Requirement:
Repeat each entry word for word.
+-------+
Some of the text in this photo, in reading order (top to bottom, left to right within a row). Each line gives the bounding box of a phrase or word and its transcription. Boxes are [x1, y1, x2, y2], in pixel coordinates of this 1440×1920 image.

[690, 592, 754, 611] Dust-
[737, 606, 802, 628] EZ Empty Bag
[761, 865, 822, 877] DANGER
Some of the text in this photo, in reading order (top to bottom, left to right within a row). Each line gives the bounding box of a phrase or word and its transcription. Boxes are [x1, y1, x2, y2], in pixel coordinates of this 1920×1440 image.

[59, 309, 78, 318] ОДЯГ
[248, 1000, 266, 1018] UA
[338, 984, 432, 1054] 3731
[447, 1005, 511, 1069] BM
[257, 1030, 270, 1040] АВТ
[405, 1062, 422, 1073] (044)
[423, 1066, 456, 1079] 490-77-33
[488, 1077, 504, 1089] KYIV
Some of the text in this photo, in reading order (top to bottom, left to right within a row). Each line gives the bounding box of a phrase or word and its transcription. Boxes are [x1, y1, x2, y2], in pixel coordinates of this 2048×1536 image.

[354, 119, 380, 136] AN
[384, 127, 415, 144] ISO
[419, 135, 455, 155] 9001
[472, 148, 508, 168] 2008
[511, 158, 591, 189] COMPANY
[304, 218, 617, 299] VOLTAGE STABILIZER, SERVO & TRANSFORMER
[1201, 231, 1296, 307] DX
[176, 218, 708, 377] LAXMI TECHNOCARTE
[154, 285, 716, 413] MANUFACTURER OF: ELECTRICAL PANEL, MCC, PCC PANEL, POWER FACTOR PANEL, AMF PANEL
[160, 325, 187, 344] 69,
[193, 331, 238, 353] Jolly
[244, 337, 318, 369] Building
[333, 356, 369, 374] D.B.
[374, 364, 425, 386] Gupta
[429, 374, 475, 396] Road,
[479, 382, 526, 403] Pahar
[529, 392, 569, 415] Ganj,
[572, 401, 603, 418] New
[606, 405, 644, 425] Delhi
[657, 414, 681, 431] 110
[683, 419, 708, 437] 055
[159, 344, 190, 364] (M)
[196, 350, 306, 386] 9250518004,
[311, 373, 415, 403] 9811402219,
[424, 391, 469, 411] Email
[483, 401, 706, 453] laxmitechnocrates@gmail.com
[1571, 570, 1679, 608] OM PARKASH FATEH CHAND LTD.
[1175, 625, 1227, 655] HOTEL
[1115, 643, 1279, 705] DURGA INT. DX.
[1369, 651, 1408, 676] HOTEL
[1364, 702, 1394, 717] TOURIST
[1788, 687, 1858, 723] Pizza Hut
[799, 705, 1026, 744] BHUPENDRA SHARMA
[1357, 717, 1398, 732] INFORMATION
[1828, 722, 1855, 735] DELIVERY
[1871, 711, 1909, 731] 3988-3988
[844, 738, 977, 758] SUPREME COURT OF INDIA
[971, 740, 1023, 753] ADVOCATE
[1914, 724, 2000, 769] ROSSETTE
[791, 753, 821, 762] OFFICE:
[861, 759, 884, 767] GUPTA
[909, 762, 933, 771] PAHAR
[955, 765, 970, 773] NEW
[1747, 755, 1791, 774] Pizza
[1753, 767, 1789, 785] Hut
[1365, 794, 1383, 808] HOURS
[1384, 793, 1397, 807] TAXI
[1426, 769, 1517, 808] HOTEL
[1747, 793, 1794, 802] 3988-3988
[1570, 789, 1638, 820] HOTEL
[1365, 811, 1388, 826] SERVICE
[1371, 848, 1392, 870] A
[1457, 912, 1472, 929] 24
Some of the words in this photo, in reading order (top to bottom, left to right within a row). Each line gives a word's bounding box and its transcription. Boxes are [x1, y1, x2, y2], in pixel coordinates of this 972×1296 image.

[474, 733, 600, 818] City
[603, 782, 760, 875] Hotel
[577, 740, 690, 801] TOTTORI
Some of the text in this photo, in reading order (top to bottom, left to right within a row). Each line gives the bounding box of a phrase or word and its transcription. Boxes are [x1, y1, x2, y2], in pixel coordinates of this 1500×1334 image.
+-------+
Result of this task:
Some of the text in this photo, in reading order (top to bottom, left to right within a row). Each line gives the bounding box of a phrase or word and its transcription. Boxes are [x1, y1, x2, y2], in pixel coordinates of this 1440×1920 image.

[690, 592, 754, 611] Dust-
[737, 606, 802, 628] EZ Empty Bag
[761, 865, 822, 877] DANGER
Some of the text in this photo, in reading order (top to bottom, left to right within a row). Each line gives the bounding box of a phrase or word and its transcription. Boxes are [x1, y1, x2, y2], in pixel coordinates of this 1920×1440 image.

[59, 309, 78, 318] ОДЯГ
[248, 1000, 266, 1018] UA
[338, 984, 432, 1054] 3731
[447, 1005, 511, 1069] BM
[257, 1030, 270, 1040] АВТ
[405, 1062, 422, 1073] (044)
[423, 1066, 456, 1079] 490-77-33
[488, 1077, 504, 1089] KYIV
Some of the text in this photo, in reading order (top to bottom, left to right within a row). Each line gives the bounding box of a phrase or word and its transcription. Boxes are [x1, y1, x2, y2], in pixel coordinates of this 2048×1536 image.

[354, 119, 380, 136] AN
[384, 127, 415, 144] ISO
[419, 135, 455, 155] 9001
[472, 148, 508, 168] 2008
[511, 158, 591, 189] COMPANY
[304, 218, 617, 299] VOLTAGE STABILIZER, SERVO & TRANSFORMER
[1201, 231, 1296, 307] DX
[176, 218, 708, 377] LAXMI TECHNOCARTE
[154, 285, 716, 413] MANUFACTURER OF: ELECTRICAL PANEL, MCC, PCC PANEL, POWER FACTOR PANEL, AMF PANEL
[160, 325, 187, 344] 69,
[193, 331, 238, 353] Jolly
[244, 337, 318, 369] Building
[333, 356, 369, 374] D.B.
[374, 364, 425, 386] Gupta
[429, 374, 475, 396] Road,
[479, 382, 526, 403] Pahar
[529, 392, 569, 415] Ganj,
[572, 401, 603, 418] New
[606, 405, 644, 425] Delhi
[657, 414, 681, 431] 110
[683, 419, 708, 437] 055
[159, 344, 190, 364] (M)
[196, 350, 306, 386] 9250518004,
[311, 373, 415, 403] 9811402219,
[424, 391, 469, 411] Email
[483, 401, 706, 453] laxmitechnocrates@gmail.com
[1571, 570, 1679, 608] OM PARKASH FATEH CHAND LTD.
[1175, 625, 1227, 655] HOTEL
[1115, 643, 1279, 705] DURGA INT. DX.
[1369, 651, 1408, 676] HOTEL
[1364, 702, 1394, 717] TOURIST
[1788, 687, 1858, 723] Pizza Hut
[799, 705, 1026, 744] BHUPENDRA SHARMA
[1357, 717, 1398, 732] INFORMATION
[1828, 722, 1855, 735] DELIVERY
[1871, 711, 1909, 731] 3988-3988
[844, 738, 977, 758] SUPREME COURT OF INDIA
[971, 740, 1023, 753] ADVOCATE
[1914, 724, 2000, 769] ROSSETTE
[791, 753, 821, 762] OFFICE:
[861, 759, 884, 767] GUPTA
[909, 762, 933, 771] PAHAR
[955, 765, 970, 773] NEW
[1747, 755, 1791, 774] Pizza
[1753, 767, 1789, 785] Hut
[1365, 794, 1383, 808] HOURS
[1384, 793, 1397, 807] TAXI
[1426, 769, 1517, 808] HOTEL
[1747, 793, 1794, 802] 3988-3988
[1570, 789, 1638, 820] HOTEL
[1365, 811, 1388, 826] SERVICE
[1371, 848, 1392, 870] A
[1457, 912, 1472, 929] 24
Some of the words in this photo, in reading order (top to bottom, left to right within a row). Each line gives a word's bounding box and its transcription. Boxes are [x1, y1, x2, y2], in pixel coordinates of this 972×1296 image.

[474, 733, 600, 818] City
[603, 782, 760, 875] Hotel
[577, 740, 690, 801] TOTTORI
Some of the text in this photo, in reading order (top to bottom, left to right within a row). Each line gives the bounding box of a phrase or word and its transcription. Boxes are [x1, y1, x2, y2], in pixel coordinates of this 1500×1334 image.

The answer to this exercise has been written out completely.